Ordinary Power of Attorney
If somebody is still of sound mind but wants to give someone they trust the temporary authority to make decisions about their finances they can set up an Ordinary Power of Attorney. It is only valid while they have the mental capacity to make their own decisions about their finances.
An example of when Ordinary Power of Attorney may be useful is if your parent is going into hospital and they want someone to deal with their bank account while they are there.
The power given can be limited so that the attorney only deals with certain assets, for example, a bank account, but not their home. Ordinary Power of Attorney does not need to be registered with the Office of the Public Guardian.
Setting up Power of Attorney
The process of setting up Power of Attorney depends on the type of attorney that somebody is looking to set up.
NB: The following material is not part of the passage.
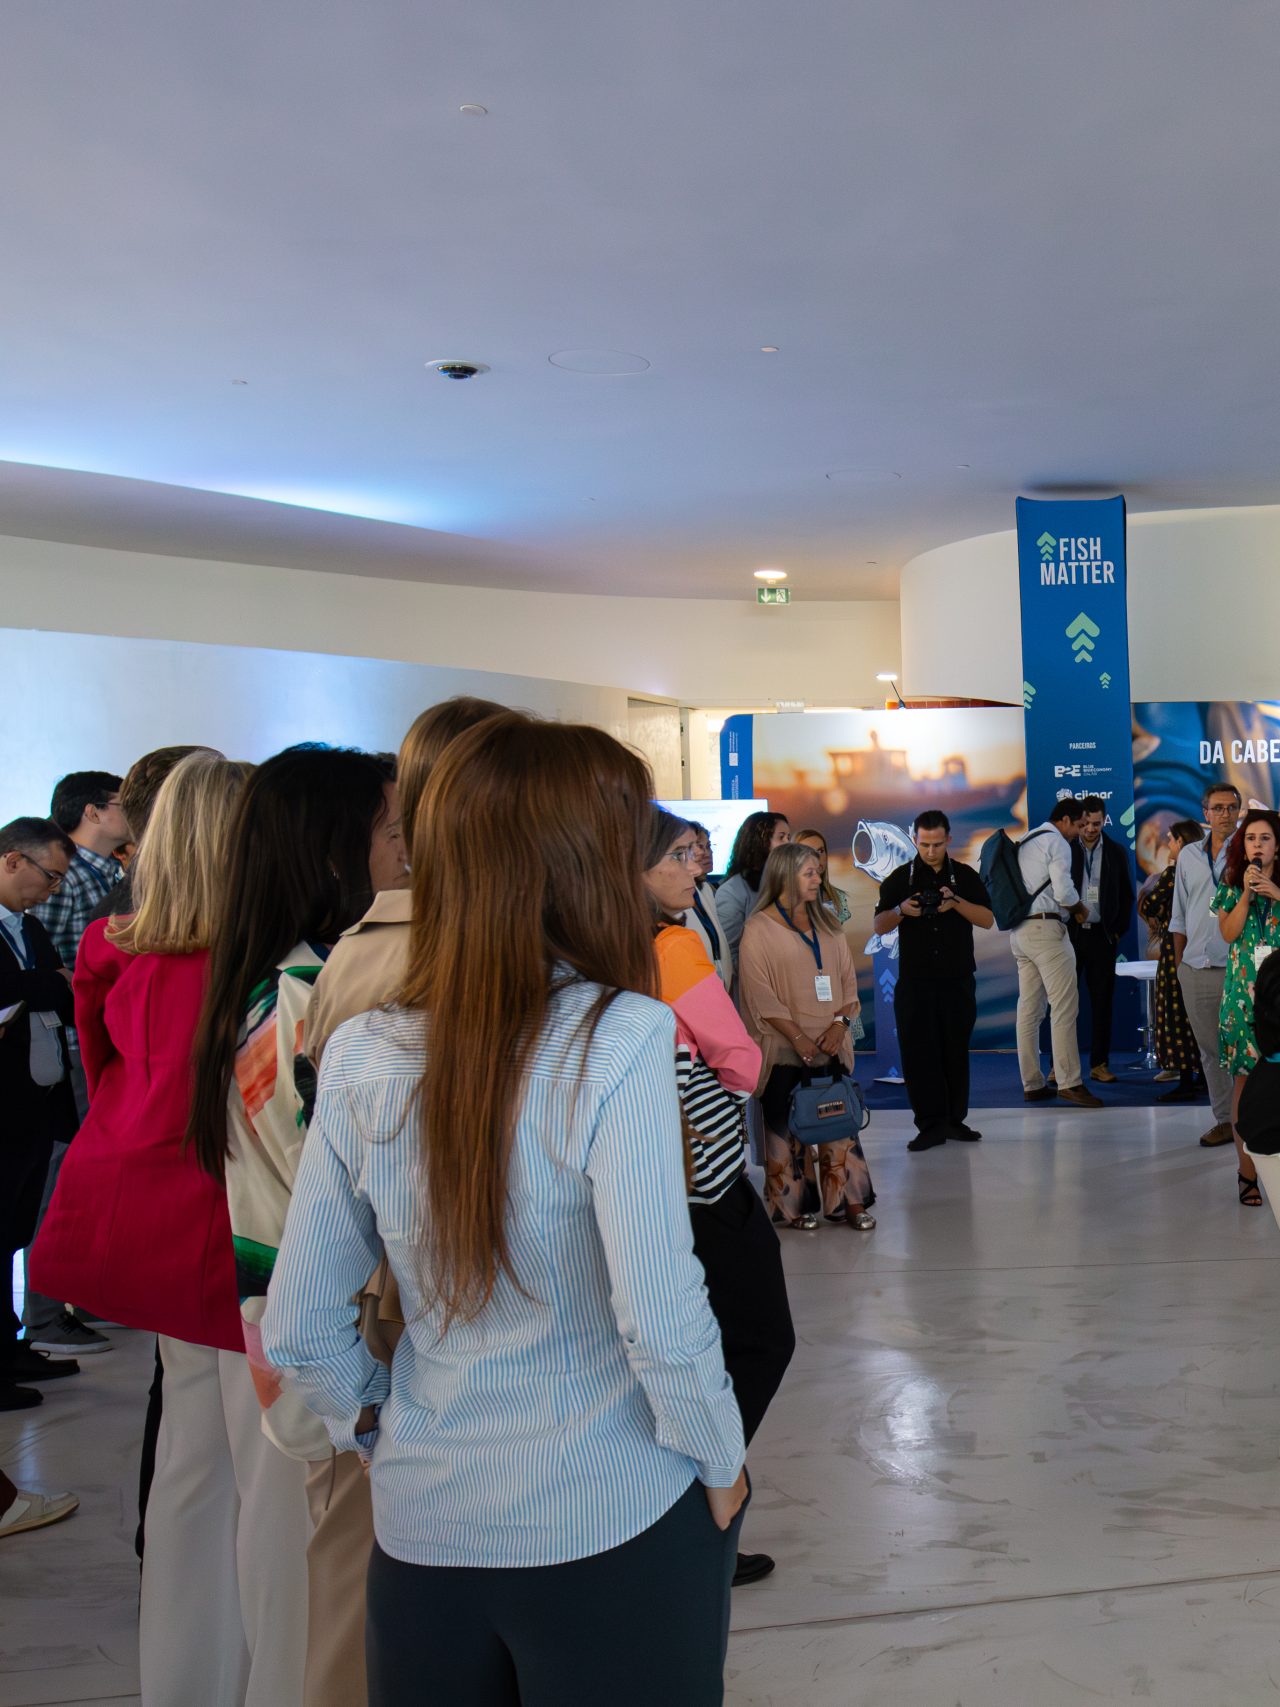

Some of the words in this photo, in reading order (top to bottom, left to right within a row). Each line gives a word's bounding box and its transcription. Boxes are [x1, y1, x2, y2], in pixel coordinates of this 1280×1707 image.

[1059, 537, 1102, 561] FISH
[1040, 560, 1115, 586] MATTER
[1069, 742, 1097, 750] PARCEIROS
[1199, 740, 1225, 764] DA
Setting up Ordinary Power of Attorney
Ordinary Power of Attorney does not have official forms, but your instructions document needs to follow a set structure. There are no Ordinary Power of Attorney fees, as it does not need to be officially registered.
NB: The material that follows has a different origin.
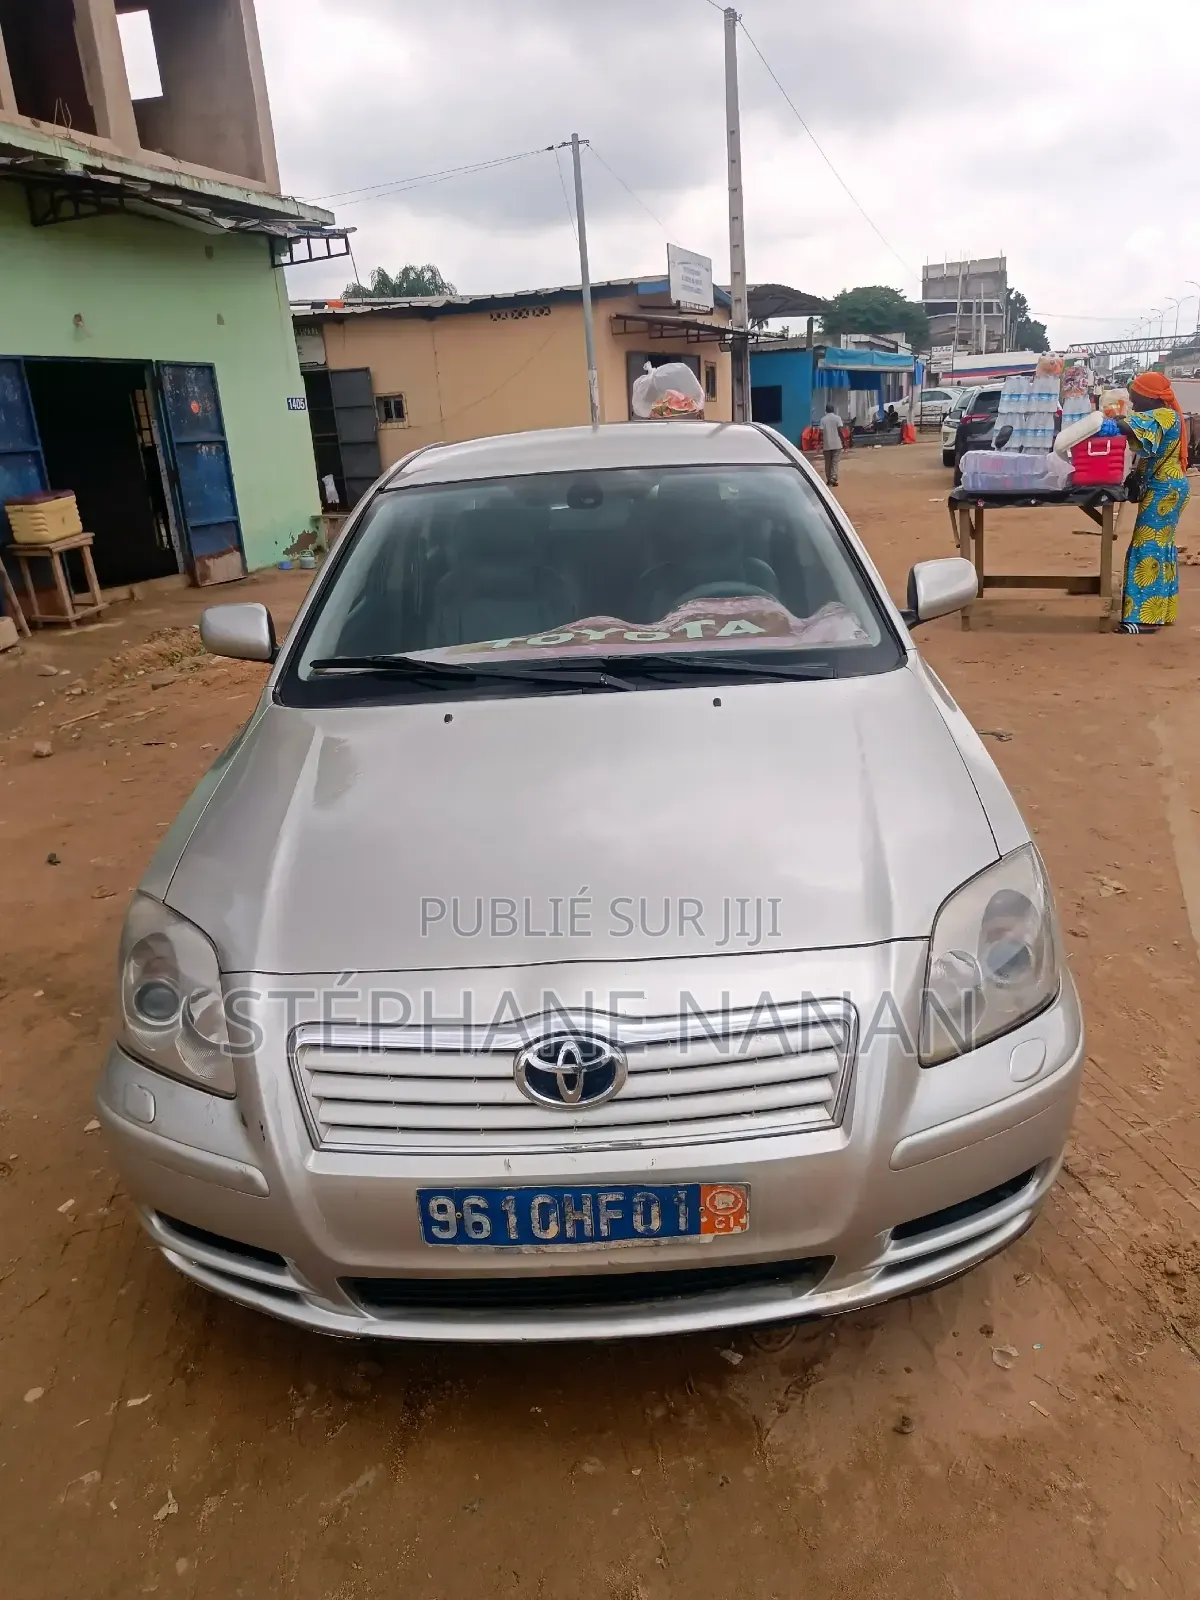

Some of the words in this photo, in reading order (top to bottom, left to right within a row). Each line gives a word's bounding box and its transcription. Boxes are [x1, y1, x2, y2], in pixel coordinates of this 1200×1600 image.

[288, 398, 305, 410] 1405
[491, 619, 767, 649] TOYOTA
[427, 1190, 689, 1240] 9610HF01
Setting up Lasting Power of Attorney
Lasting Power of Attorney requires specific forms to be filled out, and needs to be signed by an independent certificate provider. This must be a person that can verify that the donor is of sound mind. It then needs to be registered with the Office of the Public Guardian. Registering the LPA can take up to 10 weeks, and costs £82 per application. People earning less than £12,000/year can pay a reduced fee of £41.
Read our step by step guide: Setting up a Power of Attorney and Filling in the Forms (coming soon). This guide details both Ordinary and Lasting Power of Attorney.
What happens if there is no Power of Attorney?
If someone is mentally incapable of making a particular decision at a particular time, and they haven’t made an LPA, and the decision isn’t one that can be made on an informal basis, the matter can be referred to the Court of Protection. The court may either choose to make the decision itself on the person’s behalf, or choose someone else, known as a “deputy”, to make the decision for them.
Where the court appoints a deputy to manage someone’s financial and property affairs on an ongoing basis, the deputy usually has to keep accounts, enter into a security bond, and report to the Office of the Public Guardian. The Court of Protection charges an application fee, and the Office of the Public Guardian charges a yearly fee to cover the cost of supervising the deputy’s work.
Power of Attorney Frequently Asked Questions
Can more than 1 person be made an attorney?
Yes, it is common to assign multiple attorneys. This can be helpful as the attorneys can work together to make decisions. The donor will have to state in the LPA forms whether they want their attorneys to make decisions jointly or not.
Can an LPA be cancelled by the donor?
If they still have the mental capacity, then an LPA can be cancelled by the donor. To do this, they need to sign a deed of revocation. A person may do this if they no longer trust the nominated attorney to manage their affairs, or if their nominated attorney is no longer a practical choice e.g. they may have moved to another country.
Can an LPA be cancelled by the attorney?
Yes, an attorney can cancel a Lasting Power of Attorney. This is sometimes referred to as 'revoking attorneyship'. To do so, they need to complete an LPA005 form, and inform the other attorneys.
Someone may do this because their relationship with the donor has changed, or they no longer feel as though they are in a position to act as their attorney due to changes in their own circumstances.
When does an LPA end?
If the LPA is not cancelled, the LPA ends when the donor dies. At this point, the appointed attorneys can no longer make decisions on their behalf. Responsibility for managing the estate of the deceased passes over to the executors of the Will (often the same people.)
How much does Power of Attorney cost?
It costs £82 to register for an LPA. This can be reduced to £41 for people who can prove that they earn less than £12,000.